気象予測でMGC出場選手の走りを変える ウェザーニューズが追求する「準備の質」

「危険な暑さ」とも称される近年の日本の夏。2020年東京五輪男女マラソン代表選考会「マラソングランドチャンピオンシップ(MGC)」と東京五輪の本大会は、選手にとって厳しい気象条件でのレース展開が予想されている。そんな中、民間の気象情報会社・ウェザーニューズは、マラソンコース上の気象データの収集・分析を進めている。気温や湿度、風向、風速、路面温度、日向と日陰の状況といった詳細な情報を、選手に使いやすい形で提供。“準備の質”を高めてもらうことで、競技をサポートしている。

スポーツは天候に大きく左右される。ときには勝負を分ける要素となることもある。これまでは「運」で片付けられてきたかもしれないが、現在は天候を味方につけるプロジェクトが進行している。世界最大の民間気象情報会社・ウェザーニューズは、15年に「スポーツ気象チーム」を発足した。ラグビー、トライアスロン、セーリングなどの日本代表に、各競技会場の事前観測データを提供している。
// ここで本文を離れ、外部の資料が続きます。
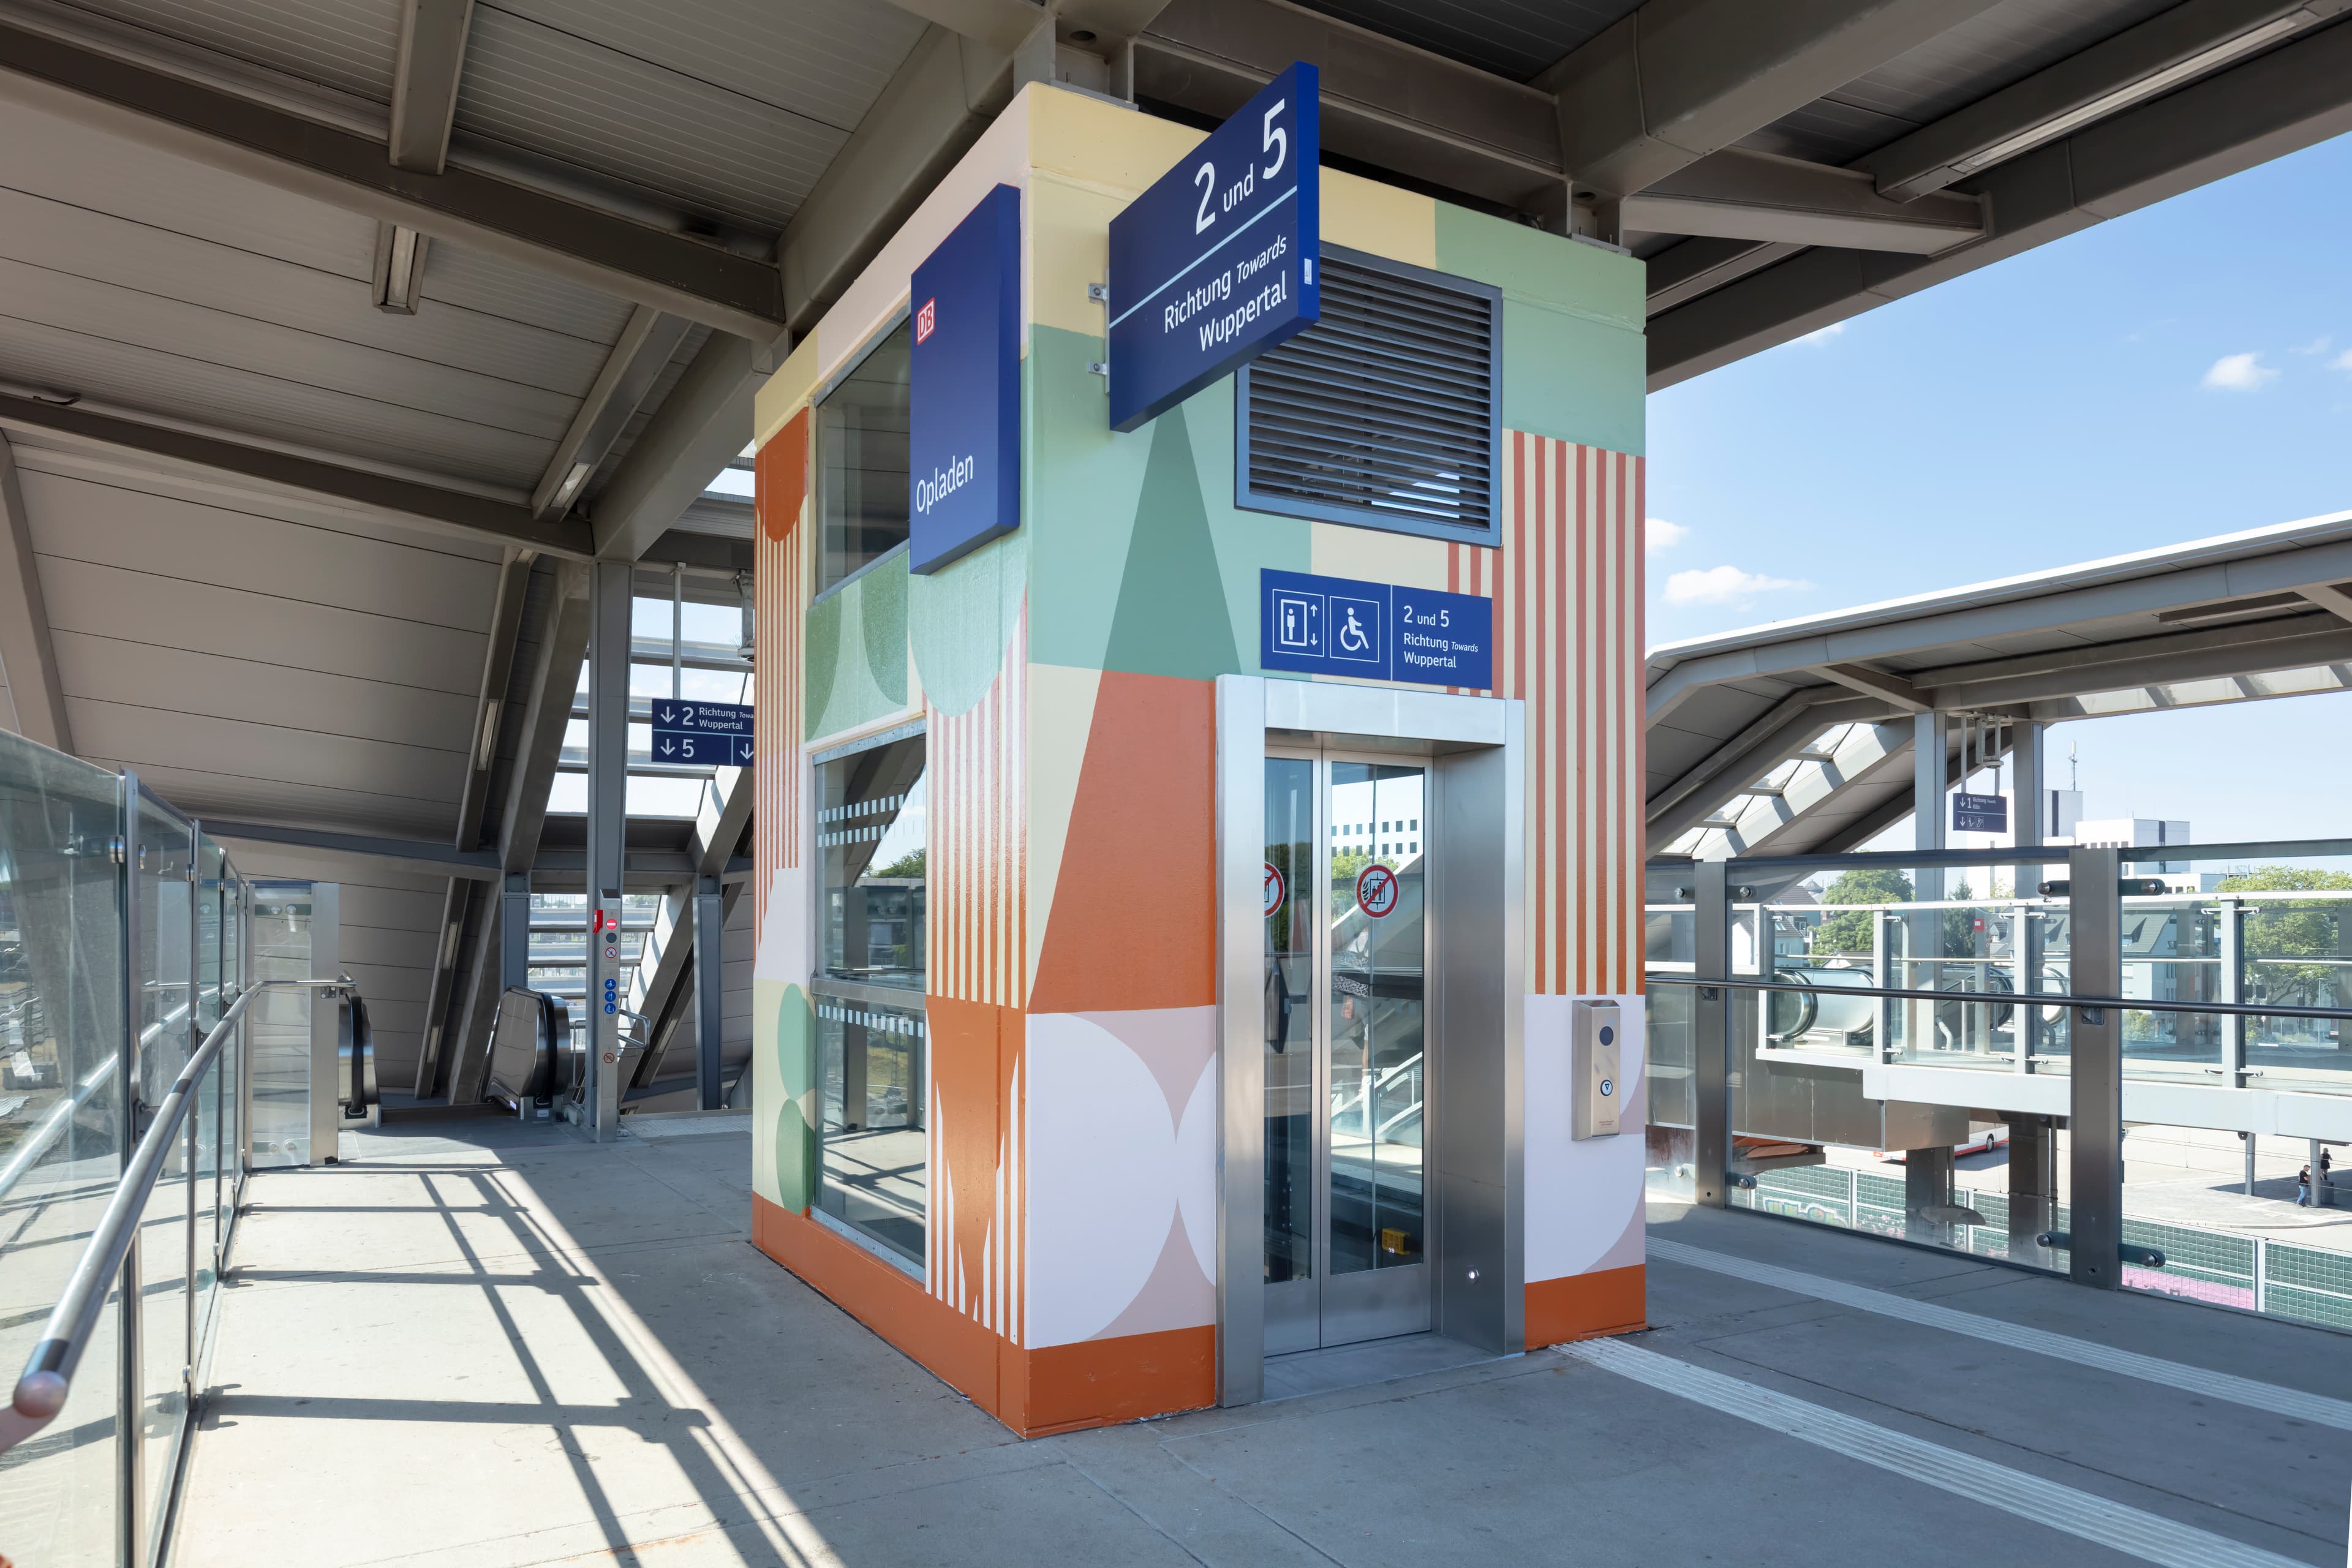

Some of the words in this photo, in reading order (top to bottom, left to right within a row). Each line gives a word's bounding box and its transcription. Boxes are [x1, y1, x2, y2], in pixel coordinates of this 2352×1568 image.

[1195, 162, 1216, 235] 2
[1223, 162, 1254, 213] und
[1262, 98, 1287, 179] 5
[1165, 270, 1231, 334] Richtung
[1237, 235, 1287, 284] Towards
[1199, 270, 1287, 352] Wuppertal
[918, 300, 935, 343] DB
[916, 455, 973, 515] Opladen
[1403, 605, 1413, 624] 2
[1417, 613, 1436, 626] und
[1440, 609, 1449, 628] 5
[1403, 632, 1449, 652] Richtung
[1451, 641, 1479, 652] Towards
[1403, 650, 1457, 668] Wuppertal
[682, 706, 694, 726] 2
[699, 707, 736, 719] Richtung
[699, 719, 743, 729] Wuppertal
[682, 739, 695, 758] 5
[1967, 797, 1972, 809] 1
従来からスポーツと気象データは密接な関係にあった。たとえば、数十年前から試合の「開催判断」には気象データが活用されてきた。それに加えて近年は、「戦略戦術」や「準備」などにも気象データが生かされている。

スポーツ気象チームのリーダーである浅田佳津雄さんは、「天気を変えることはできませんが、その準備はできます。準備の質が高まれば、安心して試合に挑めるので、パフォーマンスを発揮しやすくなります」と話す。

日本代表が大躍進した15年のラグビーW杯でも、ウェザーニューズの気象データが活躍した。試合当日が雨という予報の日は、極力パスを出さないゲーム展開になるため、持久力のある選手を積極的に起用。また、ボールに石けん水を塗り、滑りやすい状況を作って練習を行うなど、事前準備を怠らなかった。